Below is one inspiring case study. But there’s another reason to embrace employee ownership: As co-investors with PE funds at the front end of a buyout, ESOPs bring significant tax and operating benefits unavailable to other ownership structures. A small but growing number of players in the private equity world recognize these benefits and are aligning with ESOPs to become more effective bidders, owners and sellers of companies. Here’s why: • An owner of a C corporation selling to an ESOP can defer capital gains tax by reinvesting the proceeds in qualifying securities, such as common stocks. That boosts the after-tax return for the seller, making the ESOP’s (or combined ESOP and private equity) bid more attractive. • If the company is an S corporation after a buyout by an ESOP (conversions can and do occur), as a pass-through vehicle it pays no federal or most state income tax. Those taxes are levied on the owners—the employees—when they retire or otherwise withdraw their holdings from the ESOP. In mixed ESOP-and-PE or ESOP-and-founder ownership instances, the tax benefits are typically proportionate to the employee ownership. This allows faster pay-down of debt and investments in growth and efficiencies. • Numerous studies have shown that employee-owned companies are more productive: A self-policing ethic reduces waste, and workers are conscious of their ownership and behave with increased accountability. Meanwhile, there is less friction between managers and ground-level workers. This adds to profitability and value over time and can become a crucial competitive advantage, especially in an era when more PE-funded buyouts are aimed at operational improvements, as opposed to cost-cutting and balance sheet restructuring.

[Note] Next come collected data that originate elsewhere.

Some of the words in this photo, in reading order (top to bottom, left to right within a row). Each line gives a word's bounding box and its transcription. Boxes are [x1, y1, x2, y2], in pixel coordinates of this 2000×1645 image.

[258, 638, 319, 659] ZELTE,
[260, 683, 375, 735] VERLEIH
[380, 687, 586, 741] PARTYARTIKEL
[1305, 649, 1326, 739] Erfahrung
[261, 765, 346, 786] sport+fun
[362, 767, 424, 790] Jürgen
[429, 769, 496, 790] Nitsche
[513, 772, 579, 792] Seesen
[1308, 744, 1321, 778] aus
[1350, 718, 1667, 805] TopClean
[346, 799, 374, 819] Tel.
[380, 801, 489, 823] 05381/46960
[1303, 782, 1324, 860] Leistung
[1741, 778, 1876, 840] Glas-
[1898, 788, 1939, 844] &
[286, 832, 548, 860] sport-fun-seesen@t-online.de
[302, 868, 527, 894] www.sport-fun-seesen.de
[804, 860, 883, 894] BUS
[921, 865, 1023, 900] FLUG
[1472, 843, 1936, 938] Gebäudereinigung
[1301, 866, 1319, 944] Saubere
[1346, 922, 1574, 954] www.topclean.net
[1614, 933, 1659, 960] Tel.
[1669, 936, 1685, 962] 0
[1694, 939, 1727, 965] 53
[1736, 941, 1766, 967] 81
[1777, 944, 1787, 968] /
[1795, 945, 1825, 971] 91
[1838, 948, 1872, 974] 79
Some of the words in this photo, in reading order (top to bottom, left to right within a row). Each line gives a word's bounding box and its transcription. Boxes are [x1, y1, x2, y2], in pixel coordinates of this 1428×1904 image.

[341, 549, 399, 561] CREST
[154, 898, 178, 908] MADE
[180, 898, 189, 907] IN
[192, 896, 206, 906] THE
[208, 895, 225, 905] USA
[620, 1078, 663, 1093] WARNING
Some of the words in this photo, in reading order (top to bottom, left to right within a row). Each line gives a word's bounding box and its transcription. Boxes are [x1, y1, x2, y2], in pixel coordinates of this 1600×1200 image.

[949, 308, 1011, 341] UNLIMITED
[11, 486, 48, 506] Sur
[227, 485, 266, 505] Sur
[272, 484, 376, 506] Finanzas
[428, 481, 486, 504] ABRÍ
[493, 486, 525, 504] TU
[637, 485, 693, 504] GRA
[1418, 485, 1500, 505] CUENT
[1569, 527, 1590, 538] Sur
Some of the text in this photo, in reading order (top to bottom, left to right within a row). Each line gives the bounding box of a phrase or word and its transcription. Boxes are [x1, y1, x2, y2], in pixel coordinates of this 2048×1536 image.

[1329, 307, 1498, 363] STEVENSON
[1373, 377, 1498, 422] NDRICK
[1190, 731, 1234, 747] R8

ATLANTIC PLYWOOD: A REAL-WORLD SCENARIO The PE-ESOP equation is still playing out at Atlantic Plywood, a 40-year-old supplier of high-quality wood products, hardware and other components to the custom furniture and interiors industries. Based in Woburn, Massachusetts, the company has annual sales of roughly $120 million and employs about 190. It was successfully purchased in 1999 and operated by a private equity firm, Long Point Capital. Atlantic Plywood’s founders stepped aside and Paul Vella, a long-time company executive, became CEO. Vella credits the Long Point Capital team, which has large-company experience, with helping instill in Atlantic Plywood financial and operating discipline that helped it prosper, even during recessions. Post-buyout, “We were a much better-run company,” Vella told me. Long Point and one of its managing directors, Ira Starr, meanwhile, had some ESOP experience, having sold one portfolio company to its employees. Starr says he found the operating and tax advantages of an ESOP “exceptionally compelling,” and when the time came in 2007 to consider a sale of Atlantic Plywood, he asked Vella to look into an ESOP. Vella wasn’t previously ESOP-conversant, but once he studied the operating advantages and tax considerations, he began enthusiastically putting together a bid, retaining a bank experienced in employee ownership. Long Point took back some paper (since paid off) to complete the deal, which was a big win for the firm. The ESOP transaction was completed in 2008, and the economy almost immediately hit the skids. It was déjà vu for the management team. “Long Point bought at the top of the market in 1999,” Vella says. “They literally paid full price. We carried a lot of debt for a long time, so my CFO and I learned how to mind cash flow. We were not concerned about taking on debt for the ESOP.” During the most recent downturn, “Atlantic went out to sell into new channels,” says Greg Pray, a vice president at one of Atlantic’s major suppliers, Columbia Forest Products. “They didn’t bury their heads in the sand.” Indeed, Vella says, market share increased during that period despite an 18 percent decline in sales. Meanwhile, competitors’ sales fell a more drastic 40 percent.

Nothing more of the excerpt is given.